As negotiations continue with union leaders, the Connecticut AFL-CIO labor organization has stepped up pressure on Democratic Gov. Ned Lamont, who is up for reelection in 2022, to provide $1 an hour in hazard pay to all public and private sector essential workers who worked during the pandemic before vaccinations became available.
“The governor needs to reevaluate his priorities and show that these workers who put themselves and their lives at risk are a top priority. I think it’s really the least he can do for these workers,” said Ed Hawthorne, president of the Connecticut AFL-CIO. “These workers showed up for Connecticut. It’s time to governor to show up for them.”
Max Reiss, Lamont’s spokesperson, said the figures cited by organized labor are “just not feasible.”
In some states like California, cities are determining how to fairly distribute some of their federal funds to help essential private sector workers who may not have received extra pay from their employers.
Rachel Torres, deputy of the political and civil rights department at United Food and Commercial Workers Union, Local 770, said her union is urging cities to follow the lead of Oxnard and Calabasas, which voted this year to provide grocery and drug store workers with payments of as much as $1,000.
“It really should not be a competition among essential workforces. There should be moneys available for many workers,” Torres said.

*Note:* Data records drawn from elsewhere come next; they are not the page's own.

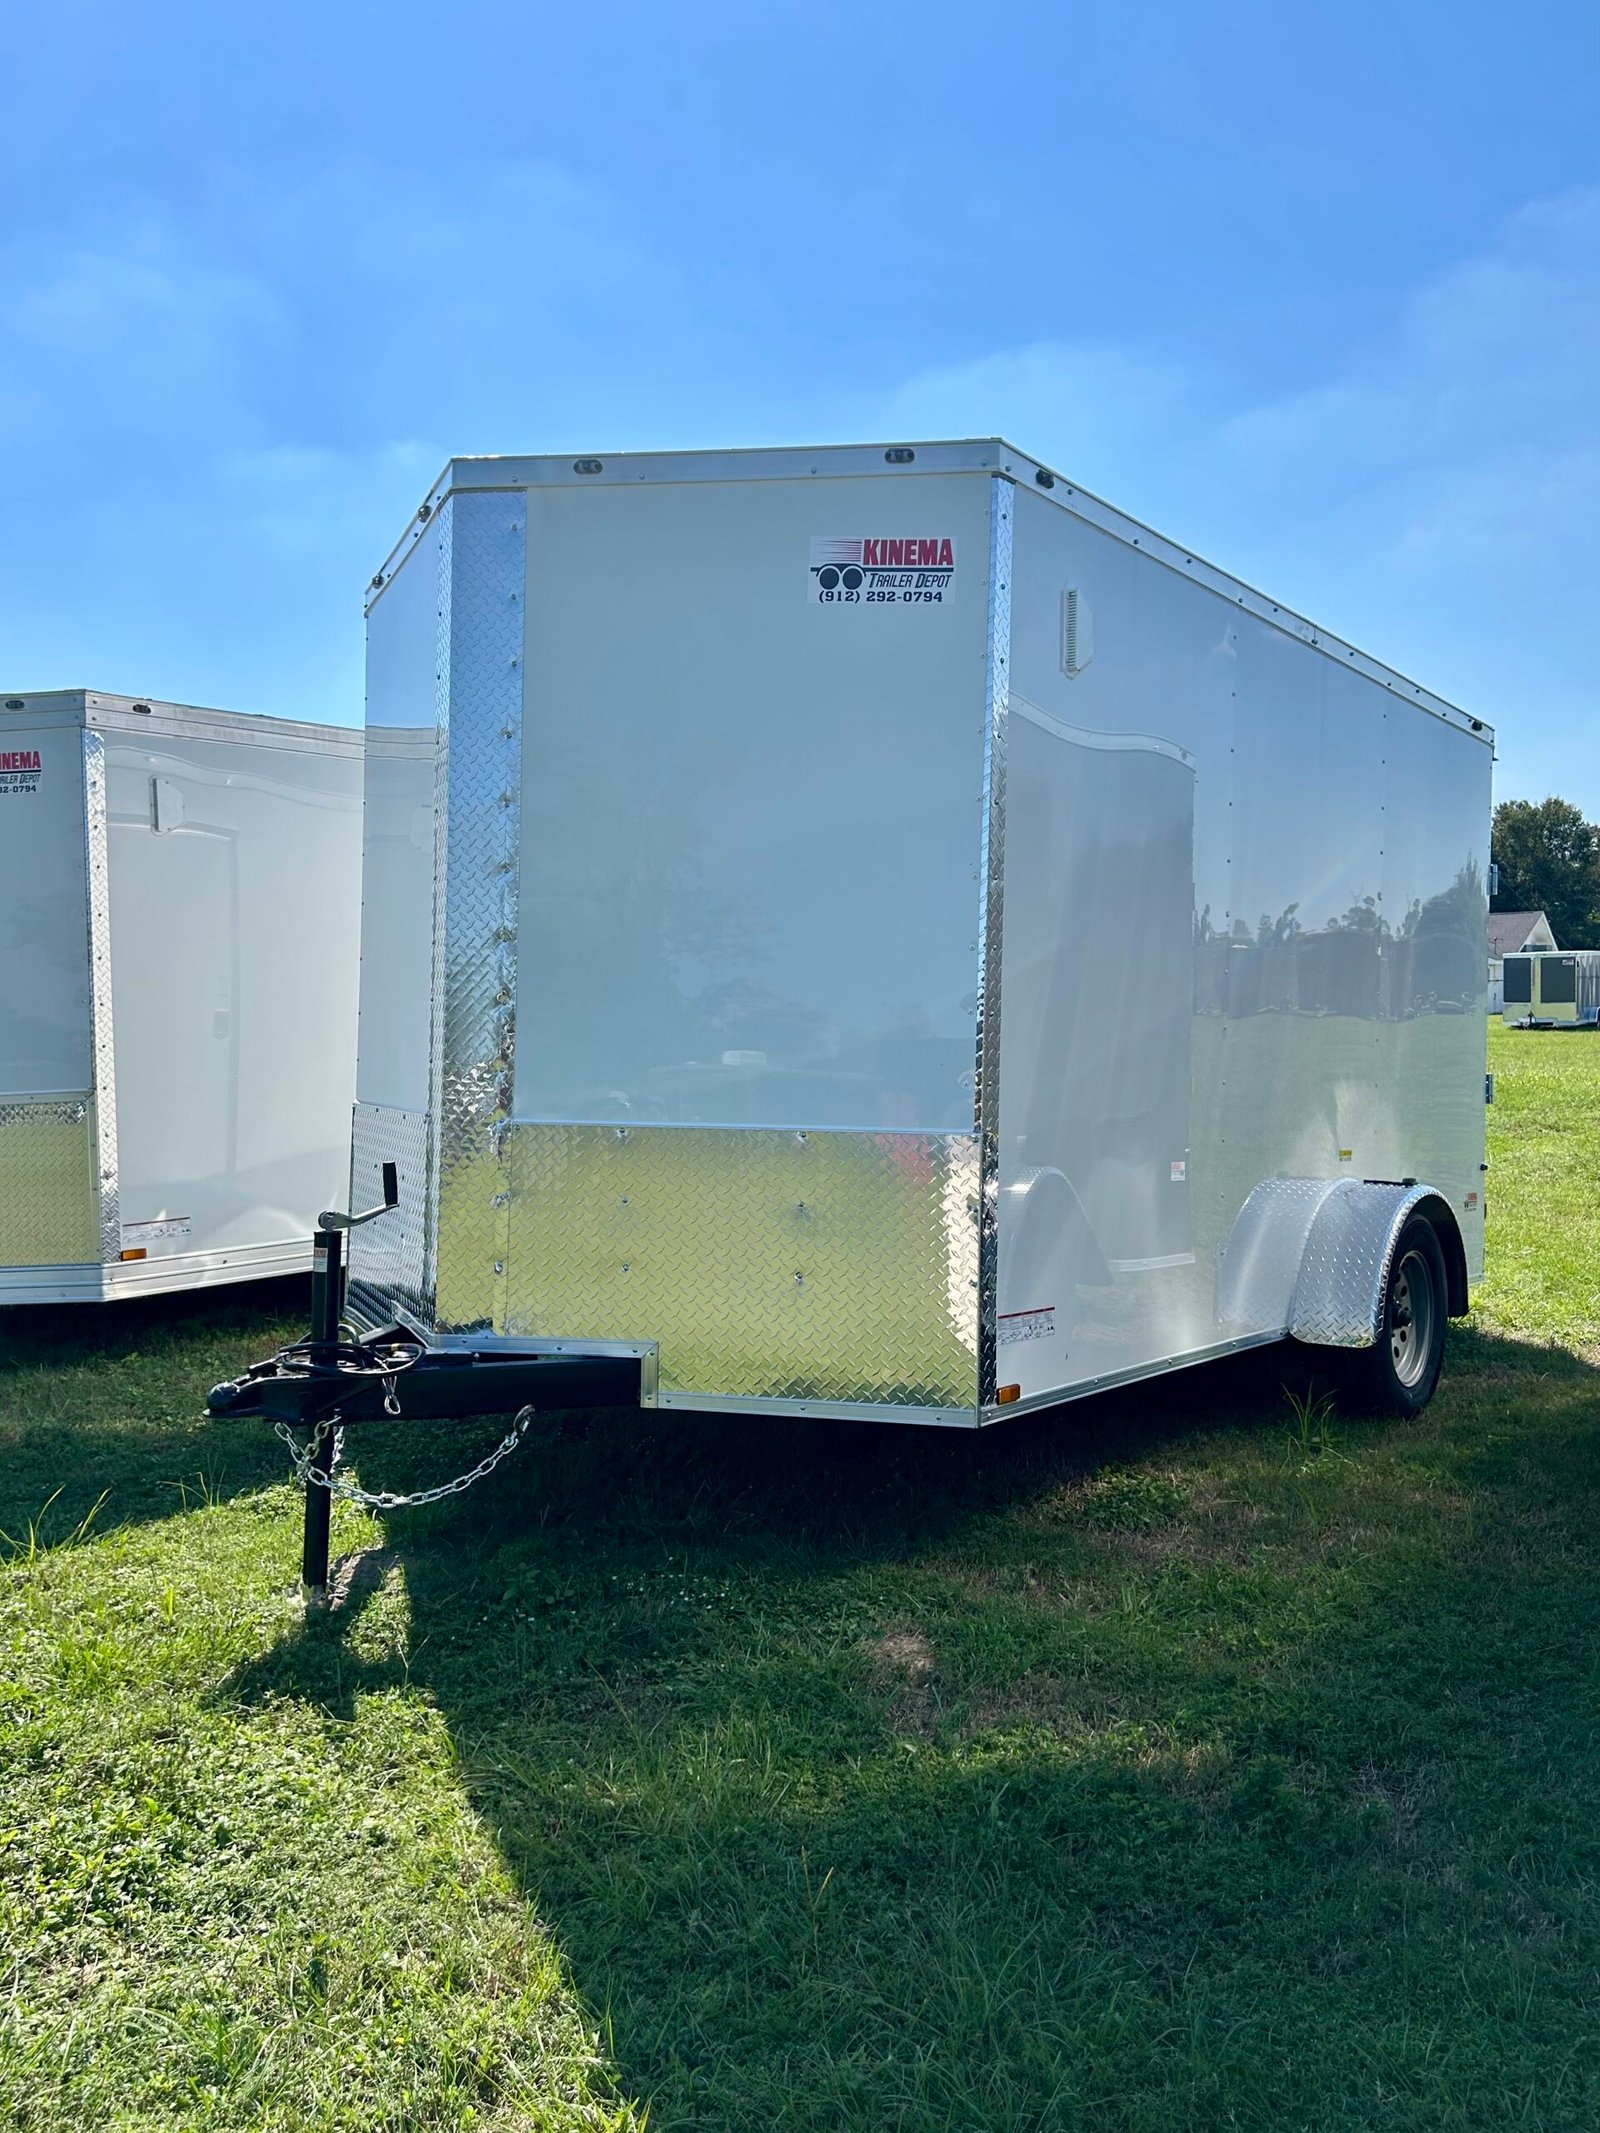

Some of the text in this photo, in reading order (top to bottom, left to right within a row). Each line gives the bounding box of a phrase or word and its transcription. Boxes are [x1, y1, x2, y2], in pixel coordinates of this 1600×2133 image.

[863, 539, 954, 566] KINEMA
[869, 573, 952, 589] TRAILER DEPOT
[819, 590, 943, 604] (912) 292-0794
[19, 773, 41, 784] DEPOT
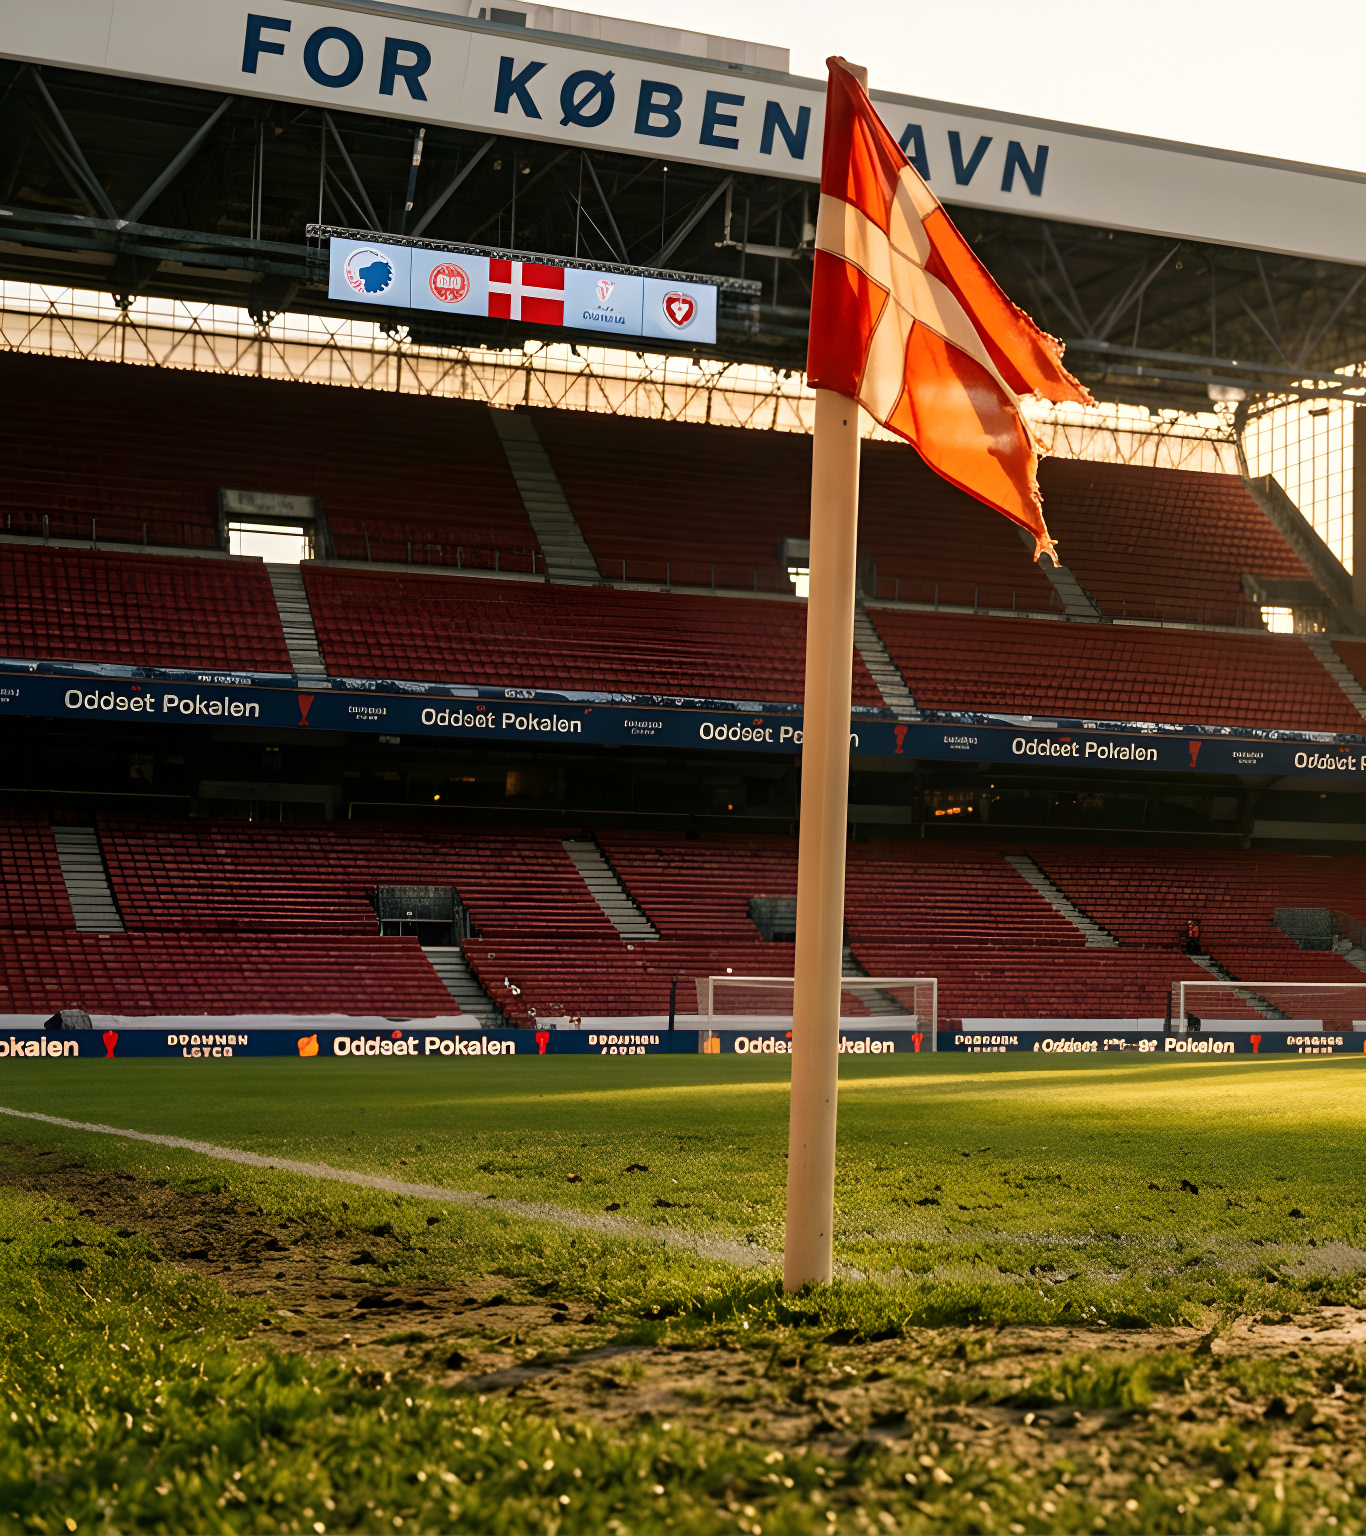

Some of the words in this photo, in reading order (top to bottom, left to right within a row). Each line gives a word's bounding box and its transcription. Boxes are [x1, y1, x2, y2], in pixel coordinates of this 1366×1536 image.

[241, 13, 429, 102] FOR
[493, 55, 1050, 197] KØBENAVN
[162, 694, 260, 718] Pokalen
[0, 1036, 79, 1057] okalen

David Dobbs and his fellow firefighters in Bridgeport, Connecticut, are upset their city has yet to provide them with a share of the $110 million it received in federal pandemic funds. Mayor Joe Gamin, a Democrat, said in a statement that he supports the concept of premium pay but that the matter is being reviewed to make sure any payments comply with federal rules.
“We’ve demonstrated a commitment to this partnership. And I think we feel a little betrayed by the city right now, when when they’re not dealing with us, when they came into this windfall,” said Dobbs, president of the Bridgeport Firefighters Association, which gave up pay raises in the past when the city’s budget was tight.